> **Exercise objective**
What follows is a listing. Write it all out exactly.

+++++

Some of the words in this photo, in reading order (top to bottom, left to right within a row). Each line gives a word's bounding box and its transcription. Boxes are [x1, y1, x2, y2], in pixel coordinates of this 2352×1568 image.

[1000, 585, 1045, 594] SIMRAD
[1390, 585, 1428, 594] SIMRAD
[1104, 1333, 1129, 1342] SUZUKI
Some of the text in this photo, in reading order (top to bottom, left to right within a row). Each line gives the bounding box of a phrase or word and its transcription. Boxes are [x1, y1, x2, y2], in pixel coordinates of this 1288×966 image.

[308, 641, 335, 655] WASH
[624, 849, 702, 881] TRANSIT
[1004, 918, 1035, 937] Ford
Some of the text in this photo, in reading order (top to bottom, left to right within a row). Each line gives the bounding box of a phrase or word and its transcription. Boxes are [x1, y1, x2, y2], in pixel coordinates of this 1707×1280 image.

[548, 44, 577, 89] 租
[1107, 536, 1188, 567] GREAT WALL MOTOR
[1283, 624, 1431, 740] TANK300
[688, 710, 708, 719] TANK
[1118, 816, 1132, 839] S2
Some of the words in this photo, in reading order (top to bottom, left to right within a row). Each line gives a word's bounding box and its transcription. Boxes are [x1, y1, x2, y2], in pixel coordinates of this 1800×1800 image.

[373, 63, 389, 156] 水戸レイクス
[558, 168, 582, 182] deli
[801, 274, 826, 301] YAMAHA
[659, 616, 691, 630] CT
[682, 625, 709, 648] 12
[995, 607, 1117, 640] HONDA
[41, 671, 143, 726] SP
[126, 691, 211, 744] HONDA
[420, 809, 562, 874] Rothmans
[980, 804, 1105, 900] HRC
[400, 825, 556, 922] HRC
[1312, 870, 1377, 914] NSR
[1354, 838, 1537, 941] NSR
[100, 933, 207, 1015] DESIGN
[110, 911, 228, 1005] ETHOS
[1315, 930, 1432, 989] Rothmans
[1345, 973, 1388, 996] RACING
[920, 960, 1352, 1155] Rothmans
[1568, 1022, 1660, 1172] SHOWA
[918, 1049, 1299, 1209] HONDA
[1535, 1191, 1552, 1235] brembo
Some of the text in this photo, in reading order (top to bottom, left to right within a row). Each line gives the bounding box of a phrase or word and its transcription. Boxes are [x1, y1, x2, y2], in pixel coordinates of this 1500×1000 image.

+++++

> **Exercise response**
Some of the words in this photo, in reading order (top to bottom, left to right within a row). Each line gives a word's bounding box and its transcription. Boxes are [x1, y1, x2, y2], in pixel coordinates of this 2352×1568 image.

[1000, 585, 1045, 594] SIMRAD
[1390, 585, 1428, 594] SIMRAD
[1104, 1333, 1129, 1342] SUZUKI
Some of the text in this photo, in reading order (top to bottom, left to right within a row). Each line gives the bounding box of a phrase or word and its transcription. Boxes are [x1, y1, x2, y2], in pixel coordinates of this 1288×966 image.

[308, 641, 335, 655] WASH
[624, 849, 702, 881] TRANSIT
[1004, 918, 1035, 937] Ford
Some of the text in this photo, in reading order (top to bottom, left to right within a row). Each line gives the bounding box of a phrase or word and its transcription. Boxes are [x1, y1, x2, y2], in pixel coordinates of this 1707×1280 image.

[548, 44, 577, 89] 租
[1107, 536, 1188, 567] GREAT WALL MOTOR
[1283, 624, 1431, 740] TANK300
[688, 710, 708, 719] TANK
[1118, 816, 1132, 839] S2
Some of the words in this photo, in reading order (top to bottom, left to right within a row). Each line gives a word's bounding box and its transcription. Boxes are [x1, y1, x2, y2], in pixel coordinates of this 1800×1800 image.

[373, 63, 389, 156] 水戸レイクス
[558, 168, 582, 182] deli
[801, 274, 826, 301] YAMAHA
[659, 616, 691, 630] CT
[682, 625, 709, 648] 12
[995, 607, 1117, 640] HONDA
[41, 671, 143, 726] SP
[126, 691, 211, 744] HONDA
[420, 809, 562, 874] Rothmans
[980, 804, 1105, 900] HRC
[400, 825, 556, 922] HRC
[1312, 870, 1377, 914] NSR
[1354, 838, 1537, 941] NSR
[100, 933, 207, 1015] DESIGN
[110, 911, 228, 1005] ETHOS
[1315, 930, 1432, 989] Rothmans
[1345, 973, 1388, 996] RACING
[920, 960, 1352, 1155] Rothmans
[1568, 1022, 1660, 1172] SHOWA
[918, 1049, 1299, 1209] HONDA
[1535, 1191, 1552, 1235] brembo
Some of the text in this photo, in reading order (top to bottom, left to right within a row). Each line gives the bounding box of a phrase or word and its transcription. Boxes are [x1, y1, x2, y2], in pixel coordinates of this 1500×1000 image.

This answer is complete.